Every class represents a node in the AST. Every node has a Location that describes the line number and column number in the input file. These numbers are 1-indexed.

All fields on nodes are strings (except for Location.line and Location.column).

The implementation is simple objects without behaviour, only data. It's up to the implementation to decide whether to use classes or just basic collections, but the AST must have a JSON representation (this is used for testing).

Each node in the JSON representation also has a type property with the name of the node type.

You can see some examples in the testdata/good directory.

Pickles

The AST isn't suitable for execution by Cucumber.
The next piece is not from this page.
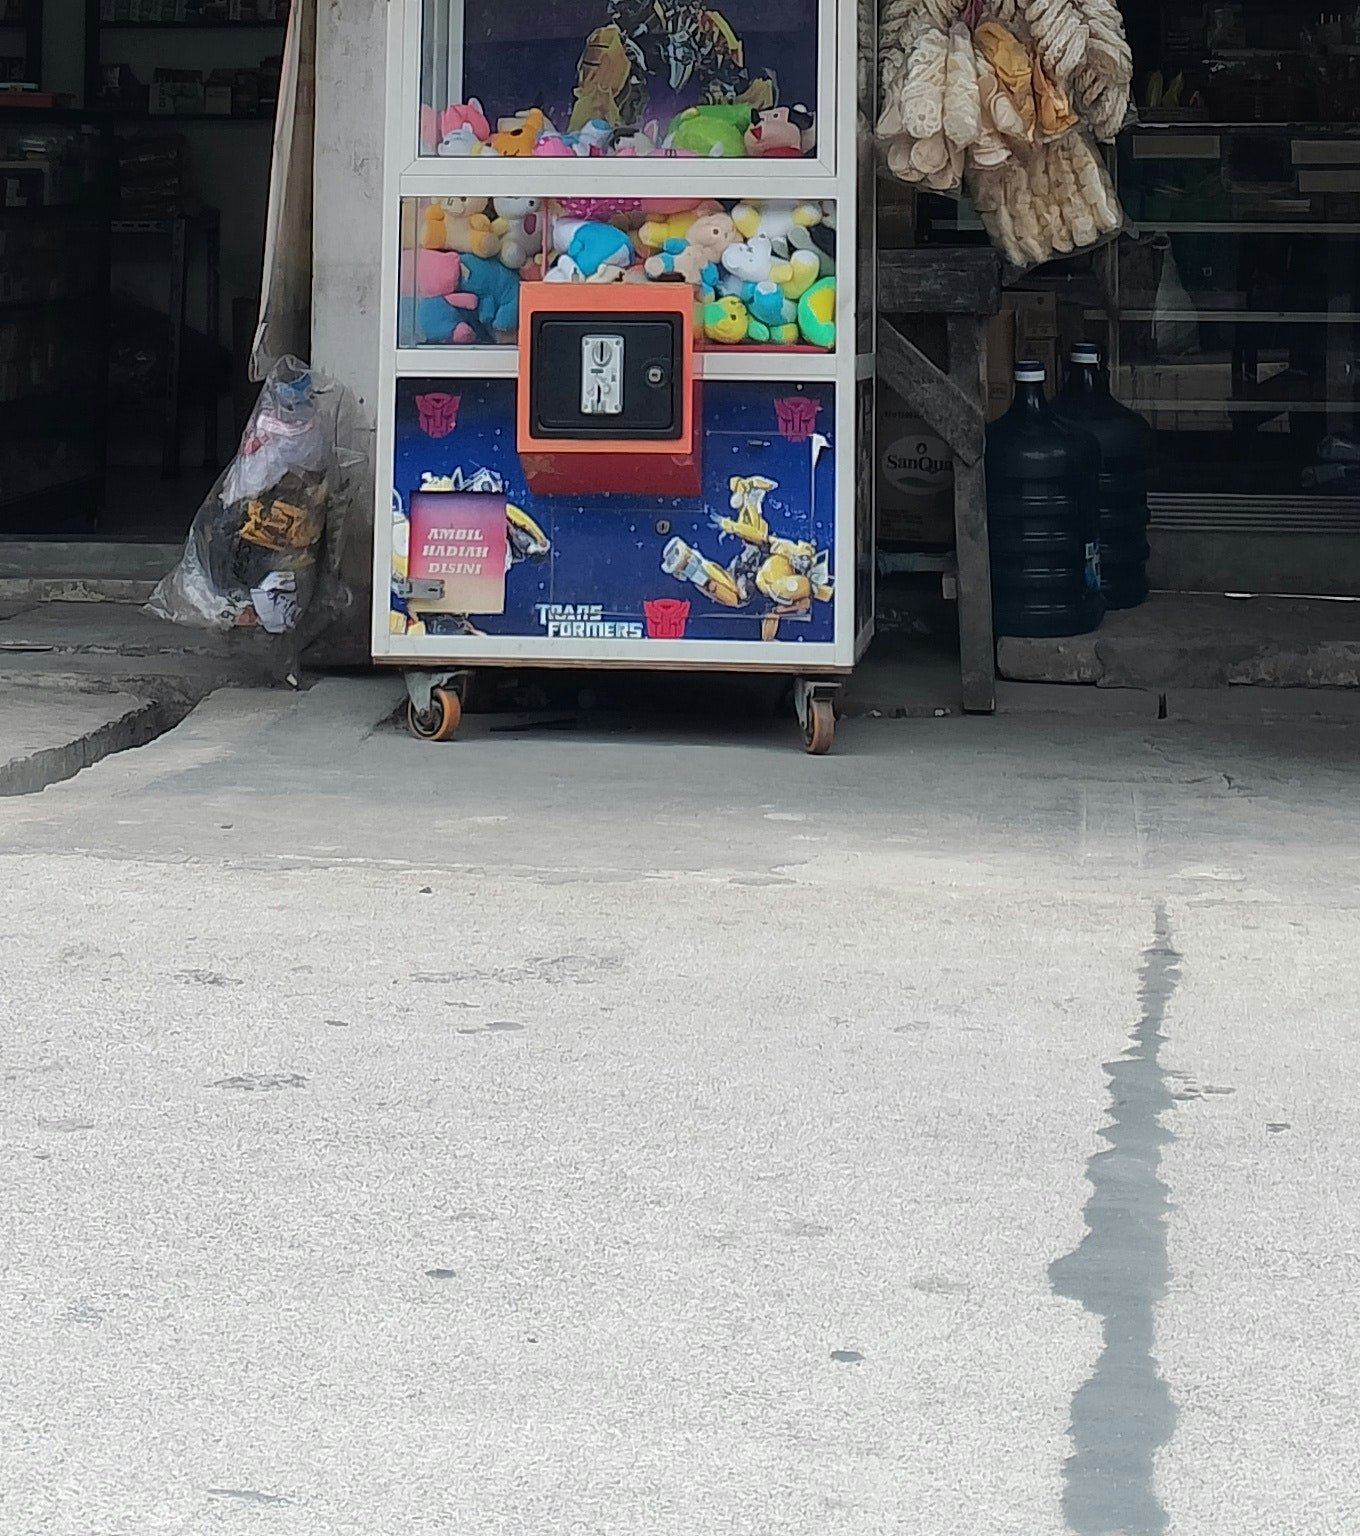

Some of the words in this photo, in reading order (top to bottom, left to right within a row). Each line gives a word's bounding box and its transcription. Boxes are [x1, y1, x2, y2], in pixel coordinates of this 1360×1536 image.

It needs further processing into a simpler form called Pickles.

The compiler compiles the AST produced by the parser into pickles:

graph LR
    A[AST] -->|Compiler| B[Pickles]

The rationale is to decouple Gherkin from Cucumber so that Cucumber is open to support alternative formats to Gherkin (for example Markdown).
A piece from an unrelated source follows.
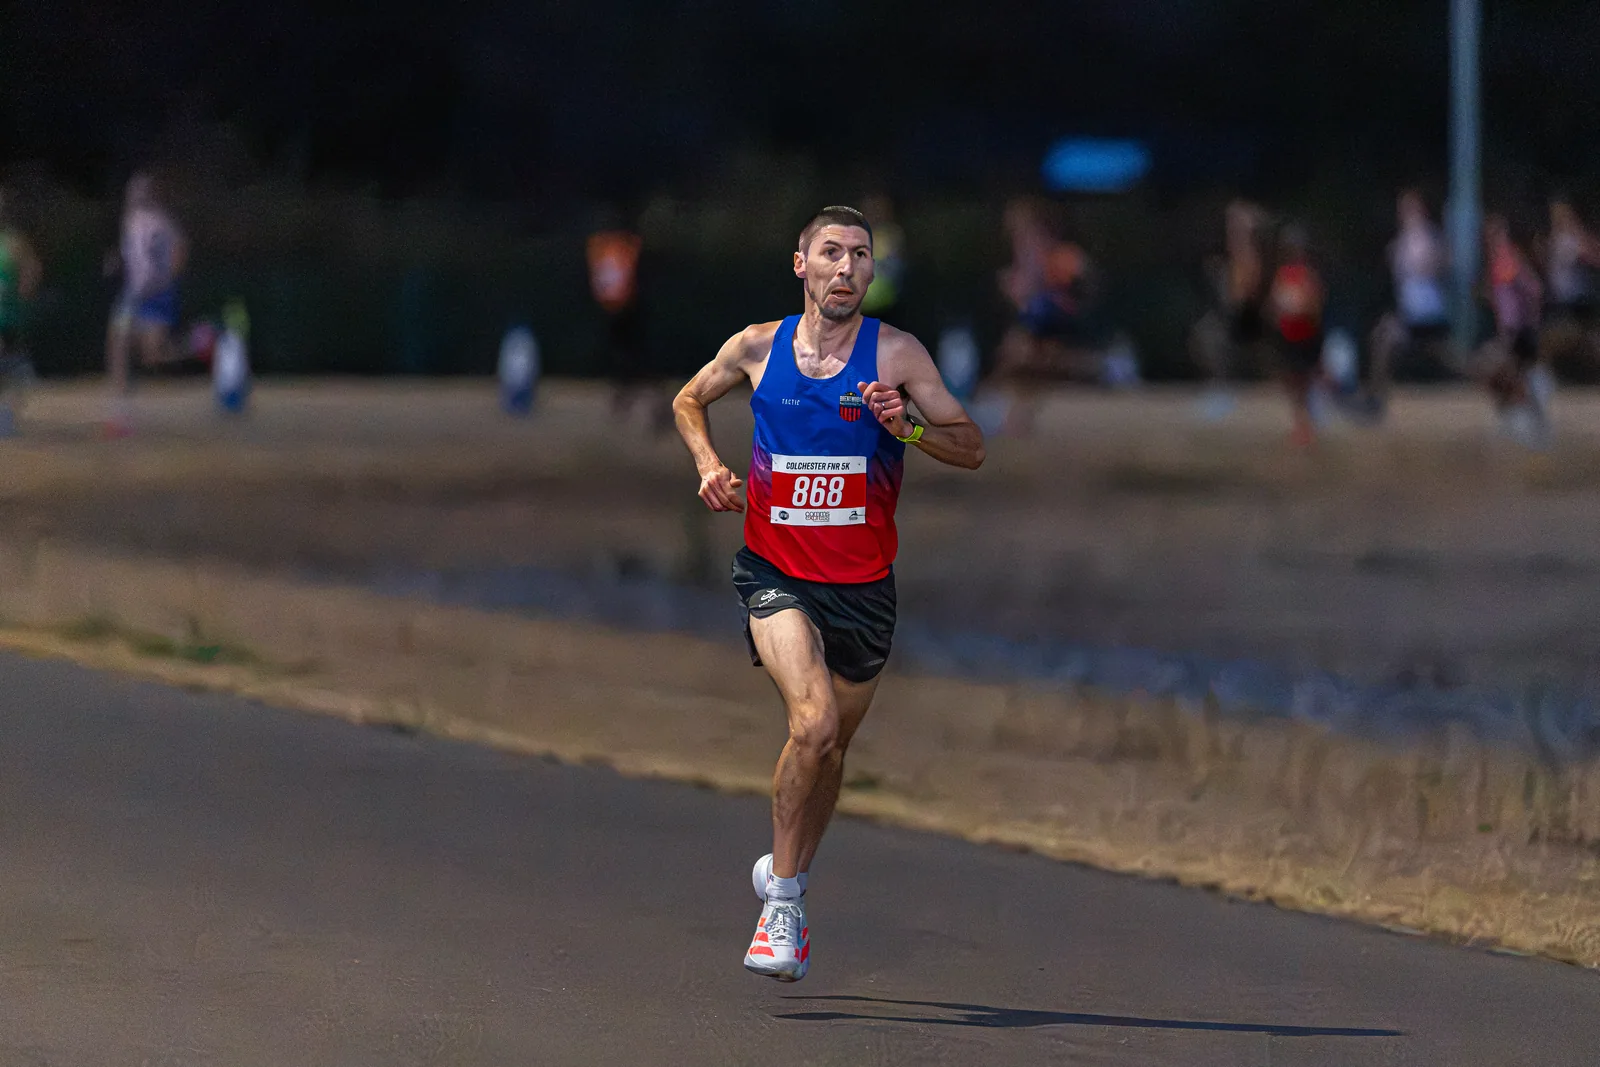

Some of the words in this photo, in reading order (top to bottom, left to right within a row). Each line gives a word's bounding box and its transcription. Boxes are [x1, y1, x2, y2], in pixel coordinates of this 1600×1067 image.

The simpler Pickles data structure also simplifies the internals of Cucumber. With the compilation logic maintained in the Gherkin library we can easily use the same test suite for all implementations to verify that compilation is behaving consistently between implementations.
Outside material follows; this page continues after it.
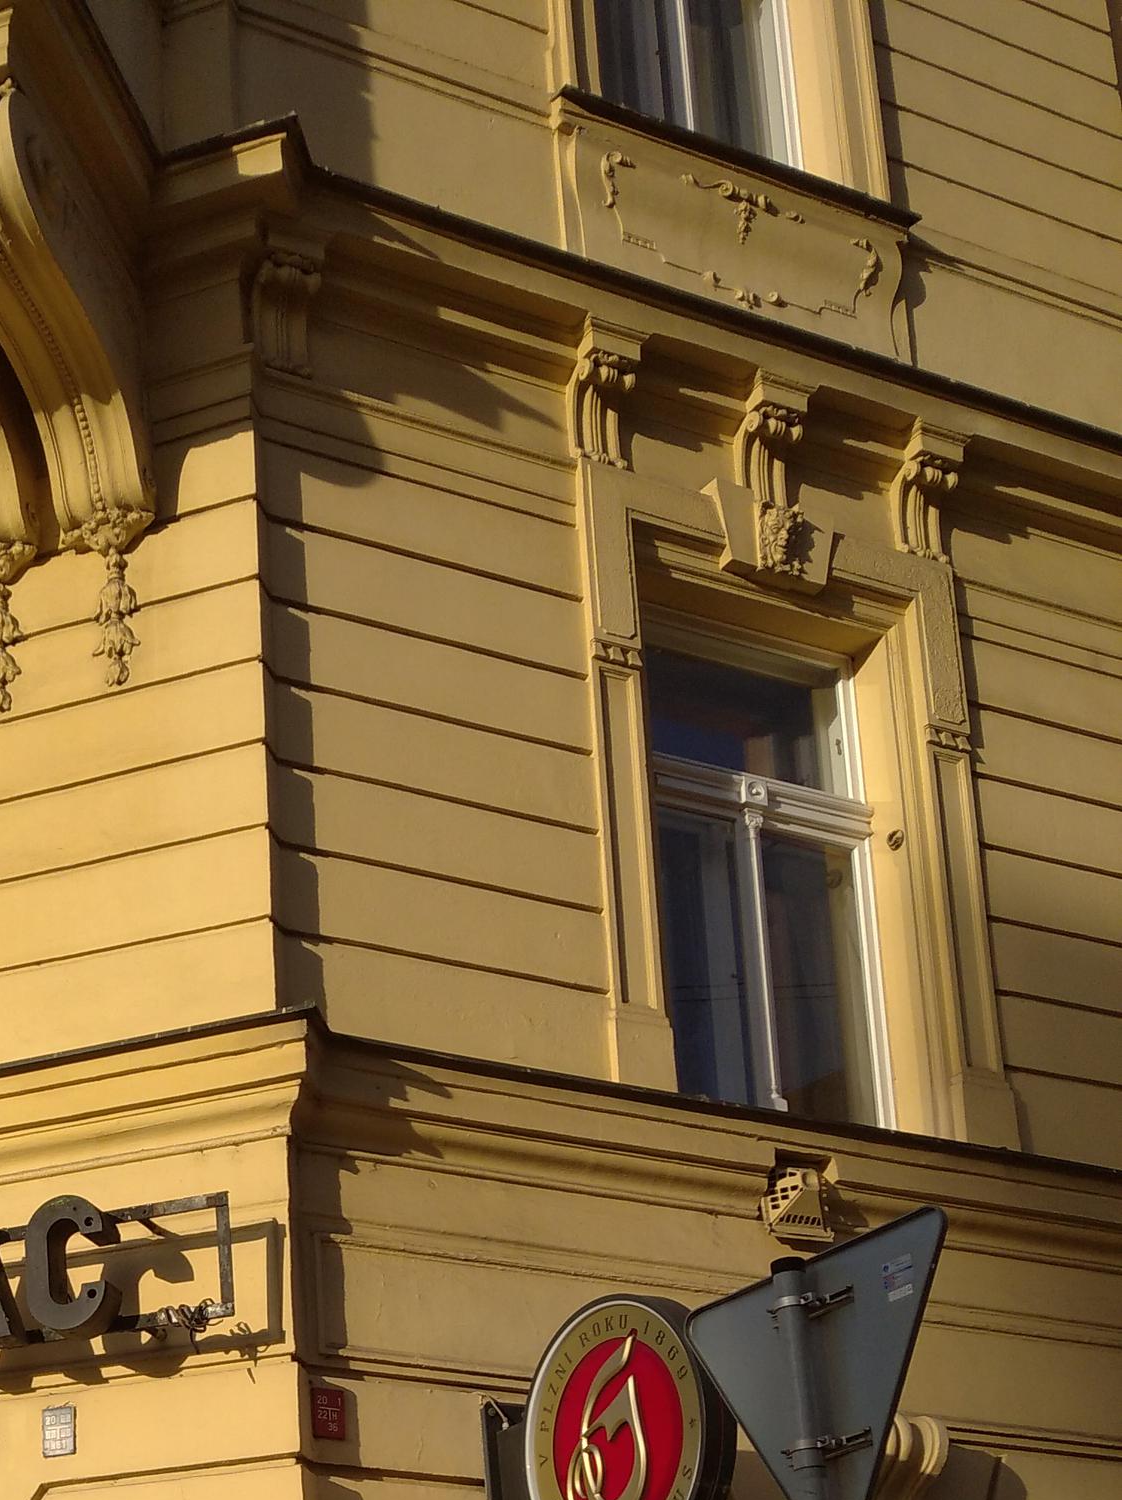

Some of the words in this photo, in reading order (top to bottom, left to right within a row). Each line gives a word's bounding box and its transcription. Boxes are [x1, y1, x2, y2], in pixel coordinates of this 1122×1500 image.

[539, 1351, 573, 1433] PLZNI
[577, 1313, 629, 1349] ROKU
[643, 1320, 689, 1380] 1869
Each Scenario will be compiled into a Pickle. A Pickle has a list of PickleStep, derived from the steps in a Scenario.

Each Examples row under Scenario Outline will also be compiled into a Pickle.

Any Background steps will also be compiled into a Pickle.

Every tag, like @a, will be compiled into a Pickle as well (inheriting tags from parent elements in the Gherkin AST).

Example:

@a
Feature:
  @b @c
  Scenario Outline:
    Given <x>

    Examples:
      | x |
      | y |

  @d @e
  Scenario Outline:
    Given <m>

    @f
    Examples:
      | m |
      | n |

Using the CLI we can compile this into several pickle objects:

gherkin testdata/good/readme_example.feature --no-source --no-ast | jq

Output:

{
  "type": "pickle",
  "uri": "testdata/good/readme_example.feature",
  "pickle": {
    "name": "",
    "steps": [
      {
        "text": "y",
        "arguments": [],
        "locations": [
          {
            "line": 9,
            "column": 7
          },
          {
            "line": 5,
            "column": 11
          }
        ]
      }
    ],
    "tags": [
      {
        "name": "@a",
        "location": {
          "line": 1,
          "column": 1
        }
      },
      {
        "name": "@b",
        "location": {
          "line": 3,
          "column": 3
        }
      },
      {
        "name": "@c",
        "location": {
          "line": 3,
          "column": 6
        }
      }
    ],
    "locations": [
      {
        "line": 9,
        "column": 7
      },
      {
        "line": 4,
        "column": 3
      }
    ]
  }
}
{
  "type": "pickle",
  "uri": "testdata/good/readme_example.feature",
  "pickle": {
    "name": "",
    "steps": [
      {
        "text": "n",
        "arguments": [],
        "locations": [
          {
            "line": 18,
            "column": 7
          },
          {
            "line": 13,
            "column": 11
          }
        ]
      }
    ],
    "tags": [
      {
        "name": "@a",
        "location": {
          "line": 1,
          "column": 1
        }
      },
      {
        "name": "@d",
        "location": {
          "line": 11,
          "column": 3
        }
      },
      {
        "name": "@e",
        "location": {
          "line": 11,
          "column": 6
        }
      },
      {
        "name": "@f",
        "location": {
          "line": 15,
          "column": 5
        }
      }
    ],
    "locations": [
      {
        "line": 18,
        "column": 7
      },
      {
        "line": 12,
        "column": 3
      }
    ]
  }
}

Each Pickle event also contains the path to the original source. This is useful for generating reports and stack traces when a Scenario fails.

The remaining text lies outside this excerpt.